╭─ Source information
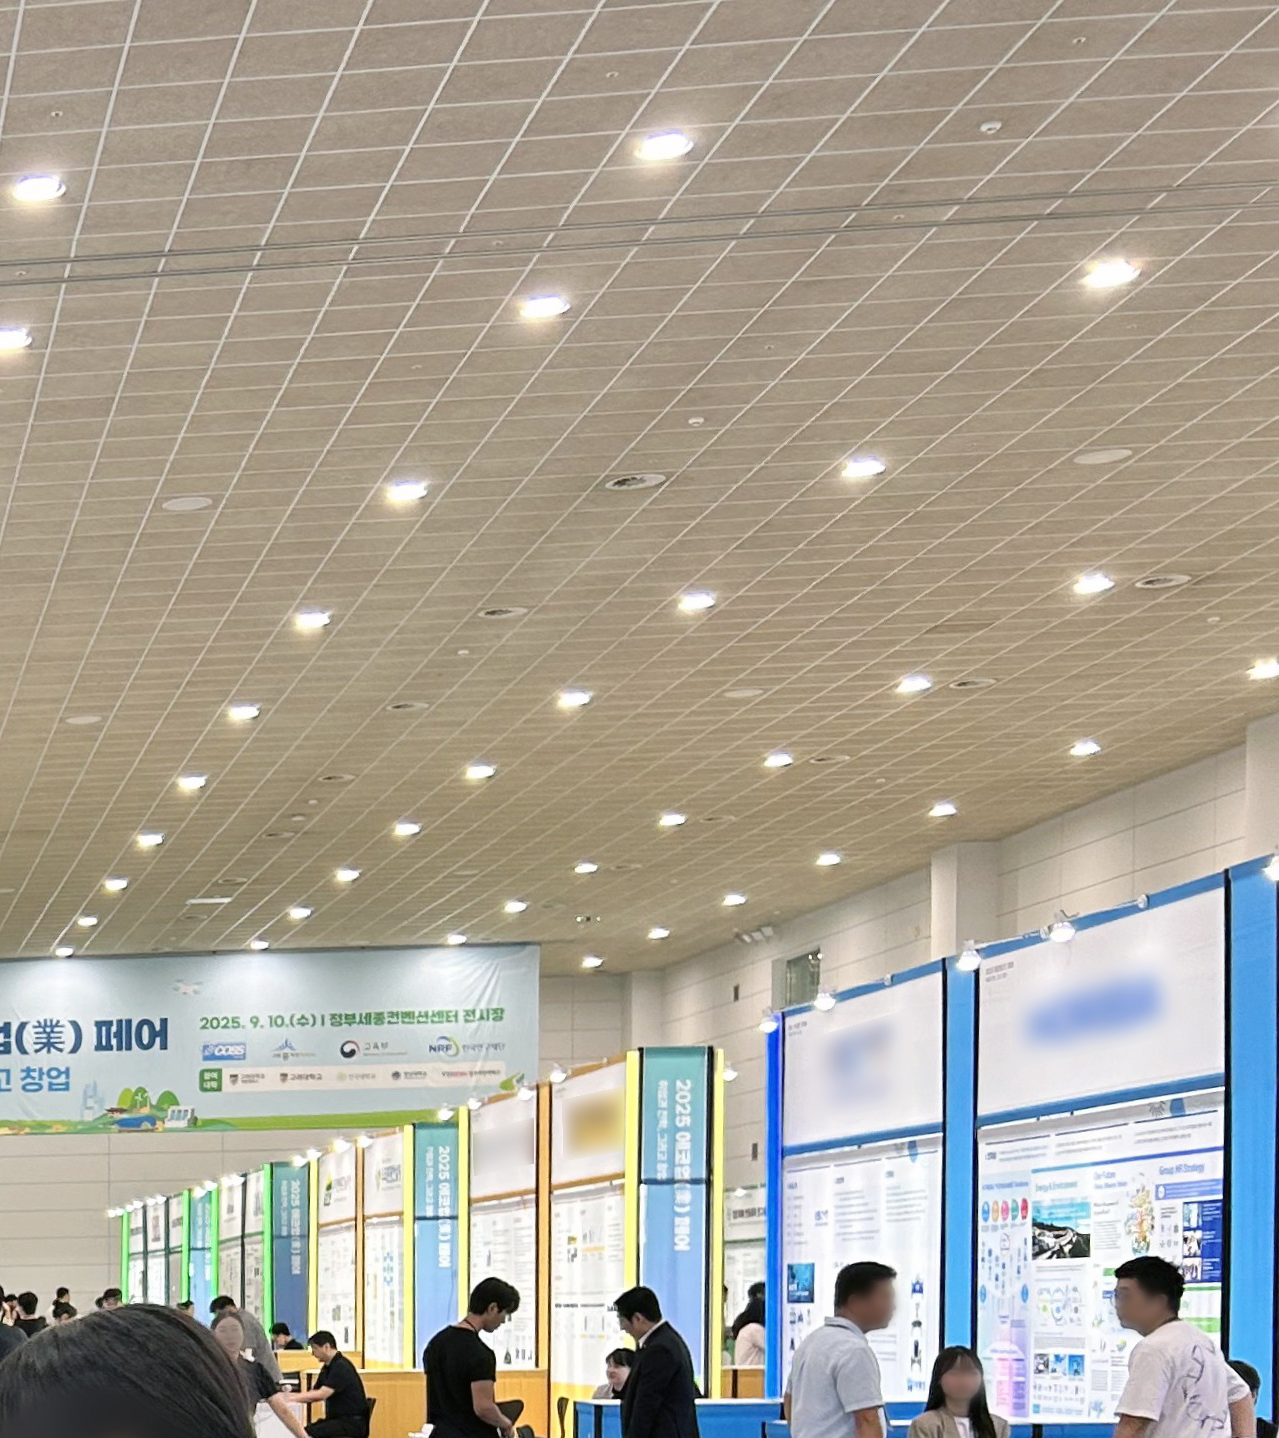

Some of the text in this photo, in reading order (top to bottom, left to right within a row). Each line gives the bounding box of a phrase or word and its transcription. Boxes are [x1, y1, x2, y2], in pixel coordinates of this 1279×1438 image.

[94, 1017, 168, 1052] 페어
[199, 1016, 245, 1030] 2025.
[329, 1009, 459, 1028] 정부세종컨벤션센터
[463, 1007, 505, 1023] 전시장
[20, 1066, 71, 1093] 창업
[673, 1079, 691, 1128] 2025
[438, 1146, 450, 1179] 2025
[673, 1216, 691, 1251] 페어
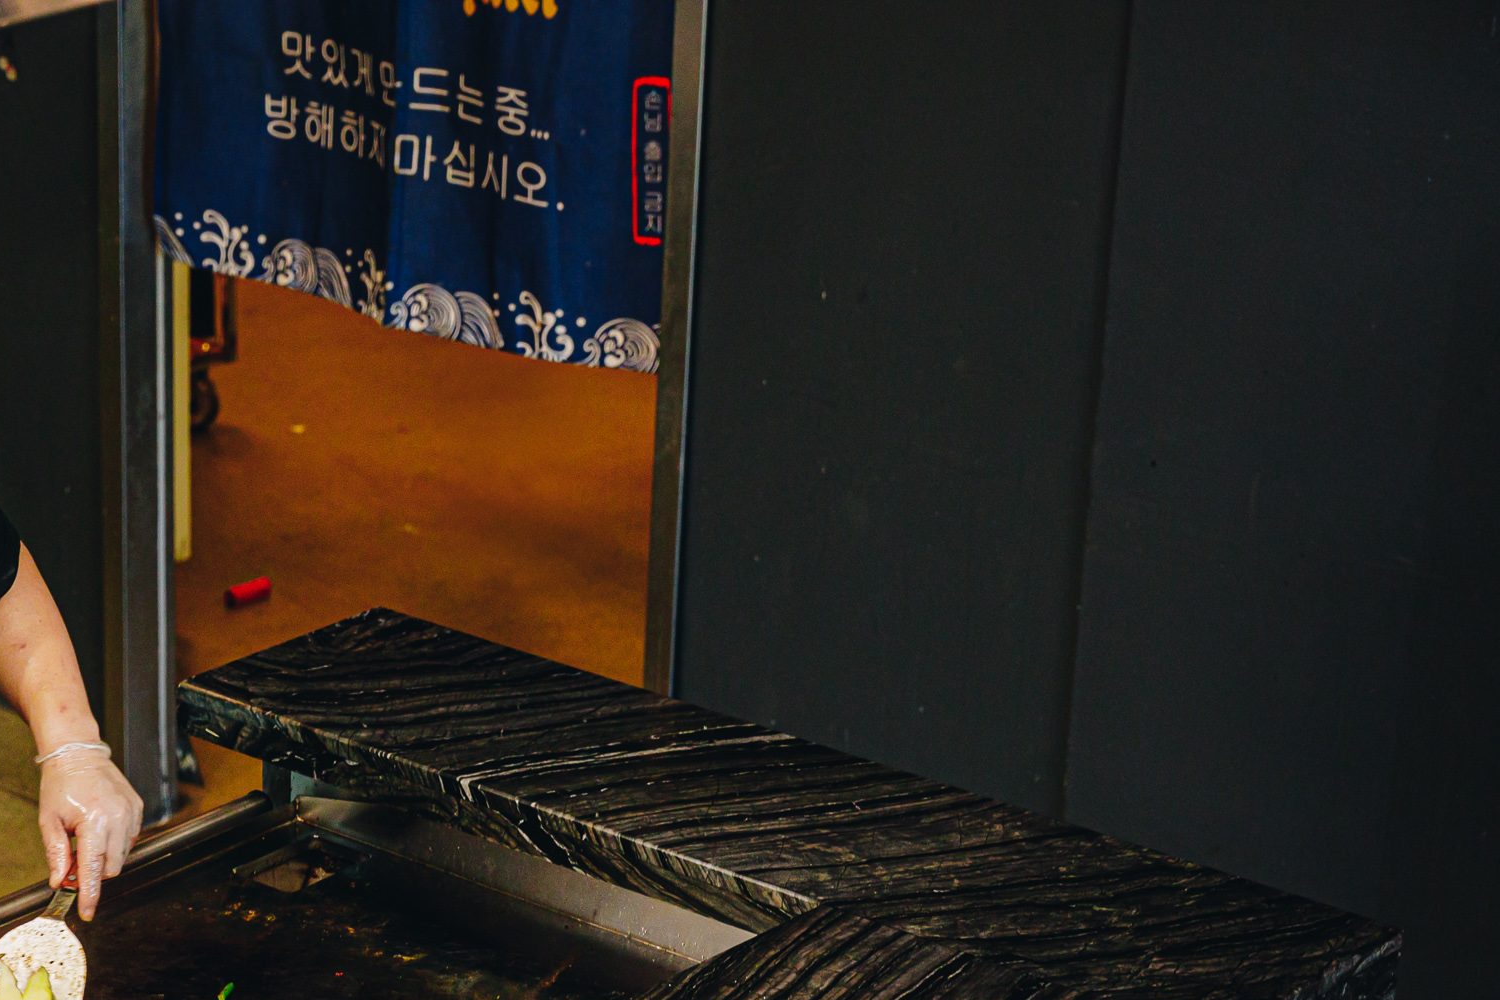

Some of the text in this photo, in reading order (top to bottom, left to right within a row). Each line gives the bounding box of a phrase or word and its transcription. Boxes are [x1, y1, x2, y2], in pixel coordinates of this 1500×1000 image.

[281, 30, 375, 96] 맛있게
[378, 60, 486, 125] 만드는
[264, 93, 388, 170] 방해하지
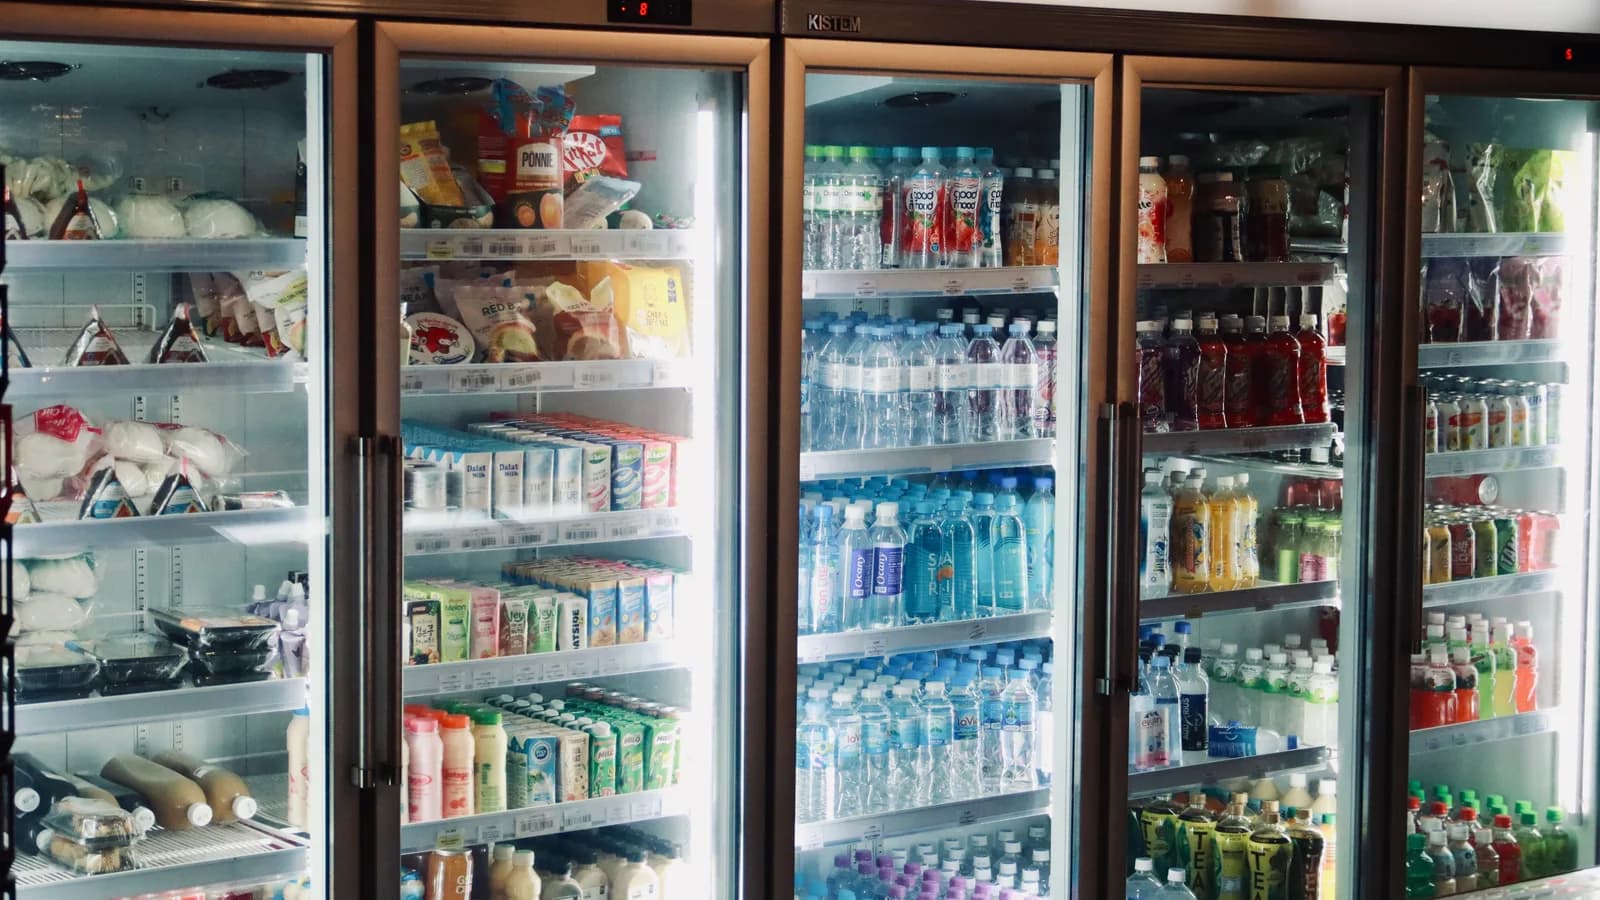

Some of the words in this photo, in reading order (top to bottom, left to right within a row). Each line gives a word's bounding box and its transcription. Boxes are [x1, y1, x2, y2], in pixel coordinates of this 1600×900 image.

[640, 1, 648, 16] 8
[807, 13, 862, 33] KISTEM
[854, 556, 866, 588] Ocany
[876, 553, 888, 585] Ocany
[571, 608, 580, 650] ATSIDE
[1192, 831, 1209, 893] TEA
╰─
| Exercise goal |
The entries are to be written out in full and exactly, apart from the pictures.

| Answer for the task |
Some of the text in this photo, in reading order (top to bottom, left to right within a row). Each line gives the bounding box of a phrase or word and its transcription. Boxes are [x1, y1, x2, y2], in pixel coordinates of this 1279×1438 image.

[94, 1017, 168, 1052] 페어
[199, 1016, 245, 1030] 2025.
[329, 1009, 459, 1028] 정부세종컨벤션센터
[463, 1007, 505, 1023] 전시장
[20, 1066, 71, 1093] 창업
[673, 1079, 691, 1128] 2025
[438, 1146, 450, 1179] 2025
[673, 1216, 691, 1251] 페어

Some of the text in this photo, in reading order (top to bottom, left to right within a row). Each line gives the bounding box of a phrase or word and its transcription. Boxes are [x1, y1, x2, y2], in pixel coordinates of this 1500×1000 image.

[281, 30, 375, 96] 맛있게
[378, 60, 486, 125] 만드는
[264, 93, 388, 170] 방해하지

Some of the words in this photo, in reading order (top to bottom, left to right within a row). Each line gives a word's bounding box and its transcription. Boxes are [x1, y1, x2, y2], in pixel coordinates of this 1600×900 image.

[640, 1, 648, 16] 8
[807, 13, 862, 33] KISTEM
[854, 556, 866, 588] Ocany
[876, 553, 888, 585] Ocany
[571, 608, 580, 650] ATSIDE
[1192, 831, 1209, 893] TEA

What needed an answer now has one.